Now write out all the non-zero trigram probabilities for the *I am Sam* corpus

    <s> I am Sam </s>
    <s> Sam I am </s>
    <s> I do not like green eggs and ham </s>

In [None]:
class TrigramModel():
  def __init__(self, corpus):
    # self.unigrams = {}
    self.bigrams = {}
    self.trigrams = {}

    for s in corpus:
      words = s.lower().split()
      # # appending unigrams
      # for w in words:
      #   if w not in self.unigrams.keys():
      #     self.unigrams[w] = 1
      #   else:
      #     self.unigrams[w] += 1
      # appending bigrams
      cntr = 0
      for i in range(len(words)-1):
        cur_bigram = (words[cntr] + ' ' + words[cntr+1])
        if cur_bigram not in self.bigrams:
          self.bigrams[cur_bigram] = 1
        else:
          self.bigrams[cur_bigram] += 1
        cntr += 1
      # appending trigrams
      cntr = 0
      for i in range(len(words)-2):
        cur_trigram = (words[cntr] + ' ' + words[cntr+1] + ' ' + words[cntr+2])
        if cur_trigram not in self.trigrams:
          self.trigrams[cur_trigram] = 1
        else:
          self.trigrams[cur_trigram] += 1
        cntr += 1

  # def add1smoothing_proba(self, s):
  #   s = s.lower()
  #   words = s.split()
  #   return (self.trigrams[s] + 1) / (self.unigrams[words[0]]+len(self.unigrams))
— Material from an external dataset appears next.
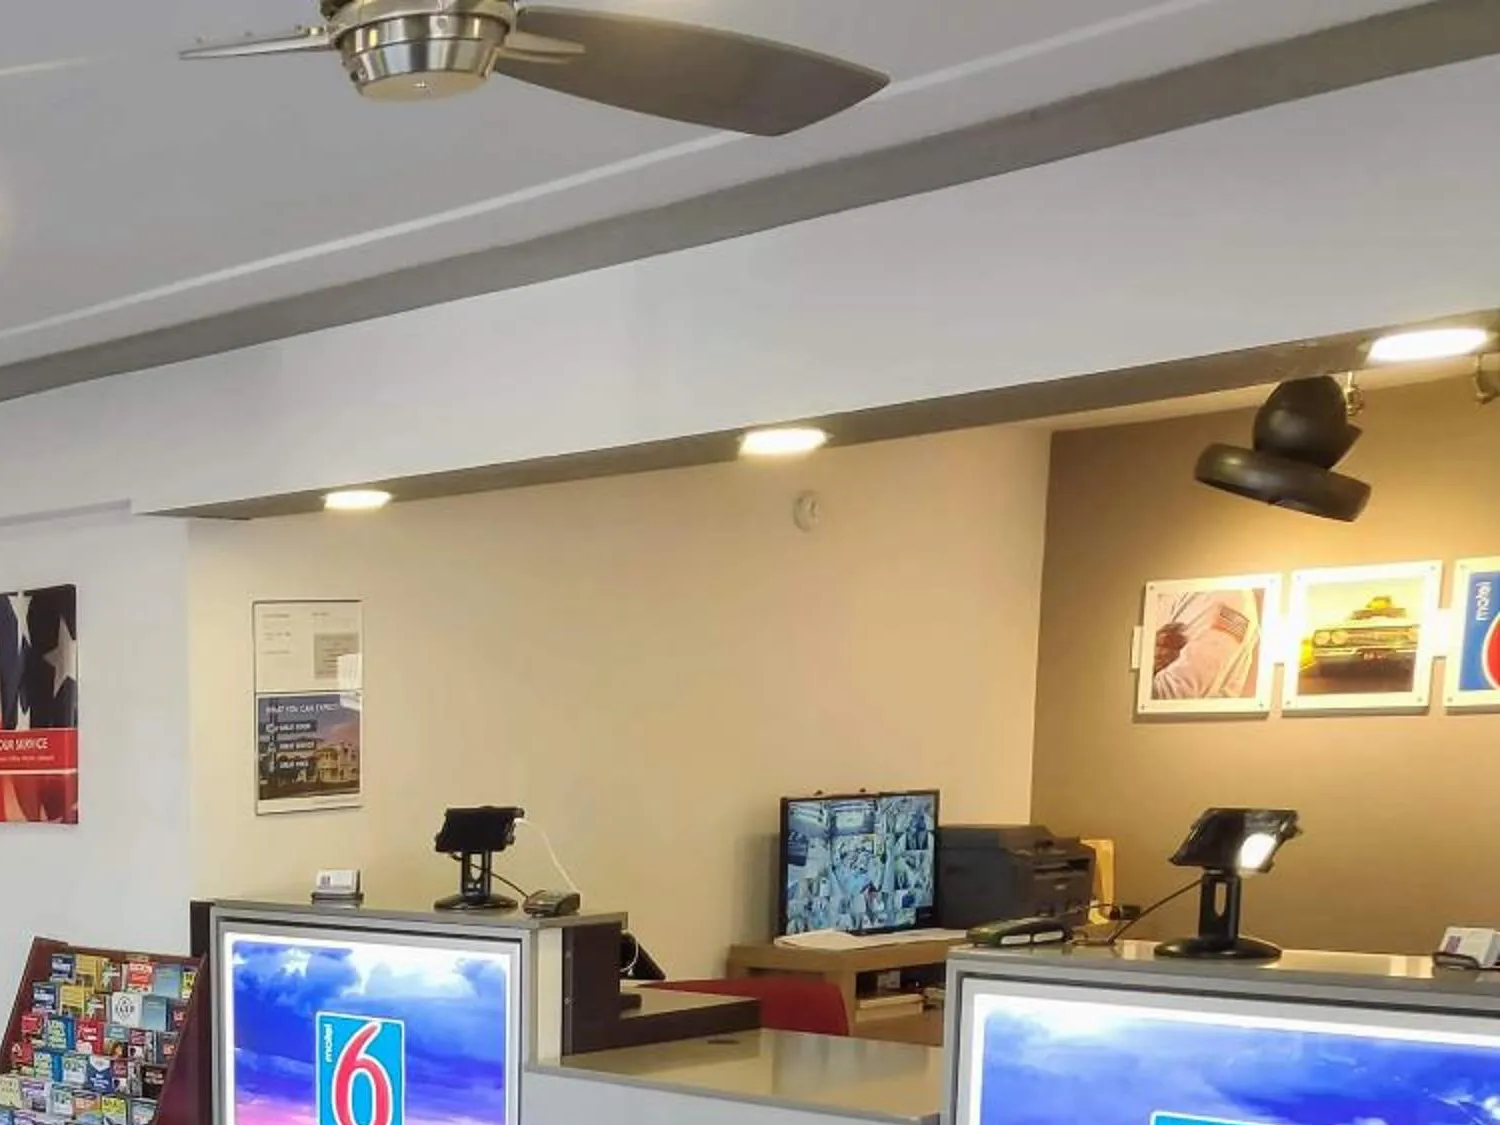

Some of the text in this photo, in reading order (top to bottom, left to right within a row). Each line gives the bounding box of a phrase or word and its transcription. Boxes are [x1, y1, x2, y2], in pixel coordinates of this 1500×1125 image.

[1474, 581, 1492, 622] motel
[15, 738, 49, 750] SERVICE
[323, 1023, 333, 1063] motel
  def unsmoothed_proba(self, s):
    s = s.lower()
    words = s.split()
    return self.trigrams[s]/self.bigrams[words[0] + ' ' + words[1]]

In [None]:
corpus = [
    '<s> I am Sam </s>',
    '<s> Sam I am </s>',
    '<s> I do not like green eggs and ham </s>',
]

model = TrigramModel(corpus=corpus)

In [None]:
print('Answer: ')
for t in model.trigrams.keys():
  print(f'P({t}) = {model.unsmoothed_proba(t)}')

Answer: 
P(<s> i am) = 0.5
P(i am sam) = 0.5
P(am sam </s>) = 1.0
P(<s> sam i) = 1.0
P(sam i am) = 1.0
P(i am </s>) = 0.5
P(<s> i do) = 0.5
P(i do not) = 1.0
P(do not like) = 1.0
P(not like green) = 1.0
P(like green eggs) = 1.0
P(green eggs and) = 1.0
P(eggs and ham) = 1.0
P(and ham </s>) = 1.0


## 3.2 Calculate the probability of the sentence *i want chinese food*. Give two probabilities -- unsmoothed and an add-one probability. Assume the additional add-1 smoothed probabilities $P(i|<s>)=0.19$ and $P(</s>|food)=0.40$.

In [None]:
sentence = '<s> I want chinese food <\s>'
unsmoothed_proba = 0.25*0.33*0.0065*0.52*0.68
addone_proba = 0.19*0.21*0.0029*0.52*0.4
print('Answer\n',\
      'Unsmoothed probability:', "{:.5f}".format(unsmoothed_proba), '\n',\
      'Add-one probability:', "{:.7f}".format(addone_proba))

Answer
 Unsmoothed probability: 0.00019 
 Add-one probability: 0.0000241


## 3.3 Which of the two probabilities you computed in the previous exercise is higher, unsmoothed or smoothed? Explain why.

Answer:

The unsmoothed probability is higher because we did not give away any bit of it to the events we have not seen, unlike smoothed probability which is what's left after we've 'shaved off' some of the probability mass.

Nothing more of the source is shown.